SOUTH HAMILTON, Mass. The notable pollster, George Gallup Jr. is retiring after 50 years of surveying the world with topics such as religion, faith, and spirituality. For the past half century, the Gallup Poll has been playing a big role in Christianity as Gallup wanted his research to be used as a tool for salvation instead of just market research data.
During his speech at the commencement ceremony of Gordon-Conwell Theological Seminary, Gallup commented that the most profound purpose of polls is to see how people are responding to God.
"When I ask a question on these subjects, what I'm always trying to find out is: 'Are we doing the will of God?" Gallup said addressing the graduates, "The world knows a lot about Jesus, but do they know him? It is for the churches to seize this moment, to take the vague spirituality of the day and turn it into a faith that is solid and transformative."
Gallup, 74, once thought of becoming a pastor while volunteering at an Episcopal church in Galveston but later he came to realize that the enterprise founded by his father in 1935 could be served as a ministry. So immediately after graduating from Princeton University with degree in religion, he started working with his father as an assistant editor starting with writing good survey questions.
Since then his works have been recognized by the general Christian population as well as the scholars and theologians by giving direction of where todays Christianity stands.

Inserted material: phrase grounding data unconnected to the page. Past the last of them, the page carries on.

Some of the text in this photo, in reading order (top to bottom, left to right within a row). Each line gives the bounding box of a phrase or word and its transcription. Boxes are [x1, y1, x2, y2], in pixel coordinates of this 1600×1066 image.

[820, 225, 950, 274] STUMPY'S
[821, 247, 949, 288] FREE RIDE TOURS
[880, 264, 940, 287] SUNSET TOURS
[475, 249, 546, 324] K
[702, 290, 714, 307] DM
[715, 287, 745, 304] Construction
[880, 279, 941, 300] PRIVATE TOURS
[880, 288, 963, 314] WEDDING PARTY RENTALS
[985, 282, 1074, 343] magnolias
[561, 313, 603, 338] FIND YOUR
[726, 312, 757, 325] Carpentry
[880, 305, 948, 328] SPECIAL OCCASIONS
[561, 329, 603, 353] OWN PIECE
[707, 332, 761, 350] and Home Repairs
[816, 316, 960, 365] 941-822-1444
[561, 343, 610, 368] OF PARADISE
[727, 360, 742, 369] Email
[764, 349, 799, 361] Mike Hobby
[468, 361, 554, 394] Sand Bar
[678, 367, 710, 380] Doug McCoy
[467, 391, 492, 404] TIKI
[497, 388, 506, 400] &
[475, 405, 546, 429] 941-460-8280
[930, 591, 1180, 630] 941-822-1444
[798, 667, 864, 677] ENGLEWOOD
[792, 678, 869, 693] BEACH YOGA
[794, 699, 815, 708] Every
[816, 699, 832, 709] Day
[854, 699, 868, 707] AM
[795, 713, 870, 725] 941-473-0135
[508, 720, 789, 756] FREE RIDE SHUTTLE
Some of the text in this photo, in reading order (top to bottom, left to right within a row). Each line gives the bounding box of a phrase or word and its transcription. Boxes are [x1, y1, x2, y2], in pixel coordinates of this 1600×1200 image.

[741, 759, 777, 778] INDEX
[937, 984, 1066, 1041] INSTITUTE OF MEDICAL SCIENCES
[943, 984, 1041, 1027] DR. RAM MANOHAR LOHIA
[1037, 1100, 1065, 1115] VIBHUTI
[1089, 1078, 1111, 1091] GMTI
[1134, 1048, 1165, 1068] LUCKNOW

"The more you know about your audience, the more effective you can be in communicating the gospel," said Robert Coleman, professor of evangelism and discipleship at Gordon-Conwell Theological Seminary. Gallup "always seems to be ahead of the curve, to know what's coming in the future. ... It shows how God has gifted people in many different ways. His is a ministry as a gifted pollster."
In retirement, Gallup still plans to remain influential in the business and active in Christian service by writing books and leading seminars for small-group ministries. He will also be spending more time with his wife, Kingsley, traveling and engaging in the activities that have always interested him such as playing trumpet.

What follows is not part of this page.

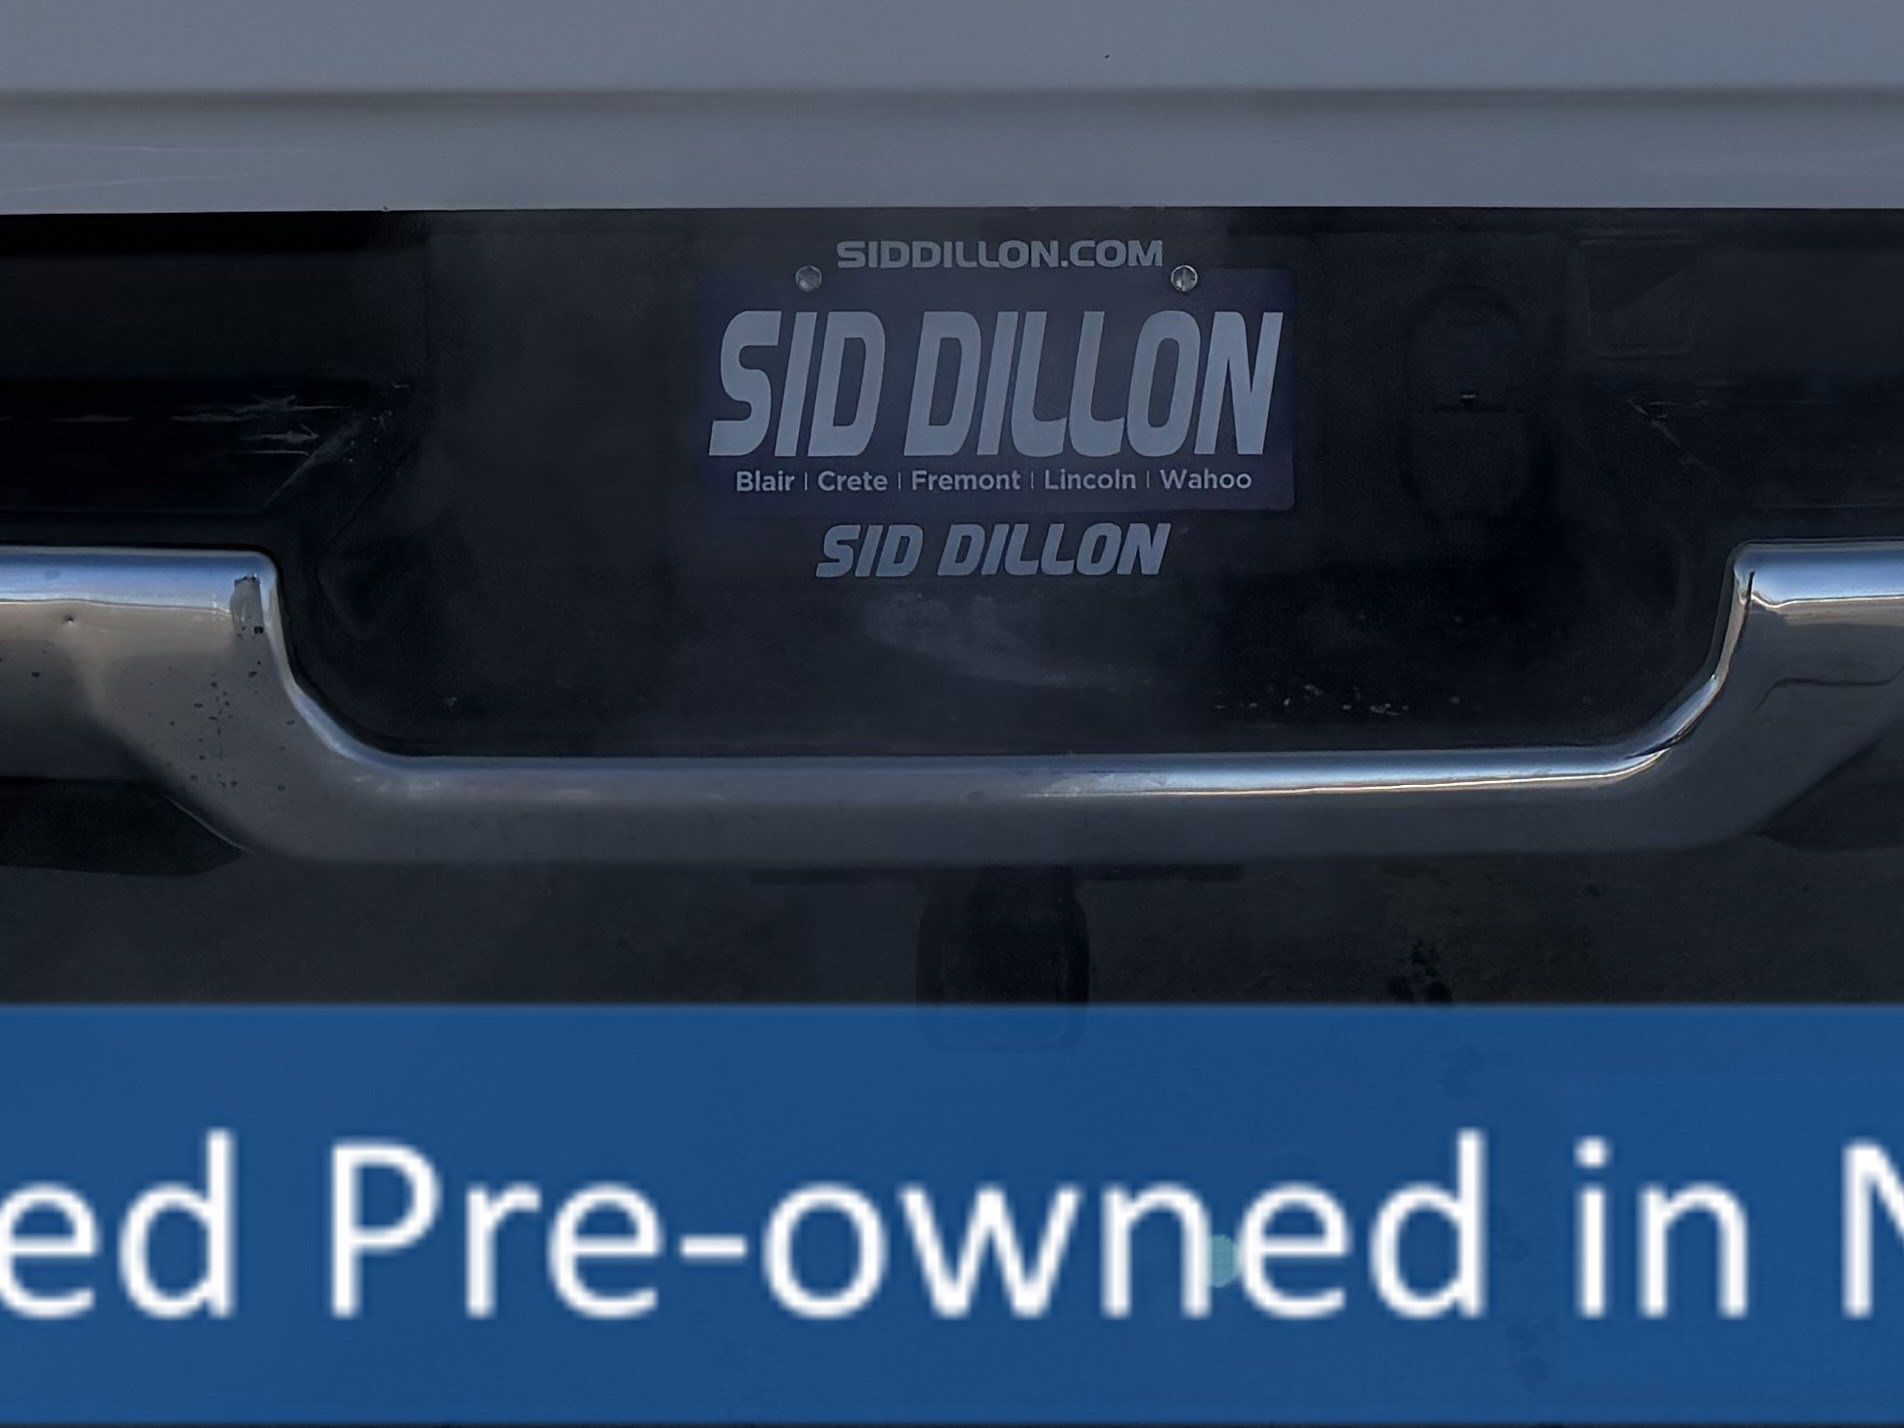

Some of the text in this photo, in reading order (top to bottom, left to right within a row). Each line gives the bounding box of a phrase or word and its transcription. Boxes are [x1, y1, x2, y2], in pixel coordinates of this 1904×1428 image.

[836, 239, 1164, 269] SIDDILLON.COM
[708, 310, 1284, 457] SID DILLON
[735, 468, 1253, 492] Blair Crete Fremont Lincoln Wahoo
[815, 522, 1172, 578] SID DILLON

As for the Gallup Poll's future, questions on religion and spirituality are sure to continue, Gallup said, under leadership of Frank Newport, who is editor-in-chief of the Gallup Poll and vice president of The George H. Gallup International Institute in Princeton, N.J.
"The inner life is the new frontier of survey research in coming years," Gallup said. "We know so little about mystical experiences, yet the religious dynamic is perhaps the most powerful of all in American culture. This is a way to unite our country on a deep level and produce a more peaceful world."
Looking over the surveys he has done, Gallup also pointed out what todays churches need to focus on. "Churches have neglected what they should be all about, and that's discipleship," Gallup said in an interview. "Therefore, there is no transformation. People look at churches, and they don't see lives being changed. The core is getting mushy. ... Anything that doesn't lead to Jesus should be cast off."
About George H. Gallup, Jr.
George H. Gallup, Jr. has been in the field of polling for half a century, much of this time with the Gallup Poll. A major focus of his work has been in the areas of religion and spirituality, and he has directed more than 100 national surveys on these topics. In 1977, he and Dr. Miriam Murphy, a sociologist, founded the Princeton Religion Research Center to explore, through surveys, the nature and depth of religion in the U.S. and abroad. Mr. Gallup is a trustee of the John T. Templeton Foundation, the National Fatherhood Initiative, and the Trinity Episcopal School for Ministry, and serves on a number of other boards. He holds seven honorary degrees in the areas of Law, Religion, Science and Letters. He is the author of numerous books, among the most recent of which are Surveying the Religious Landscape, The New American Spirituality, Growing Up Scared in America, and The Saints Among Us.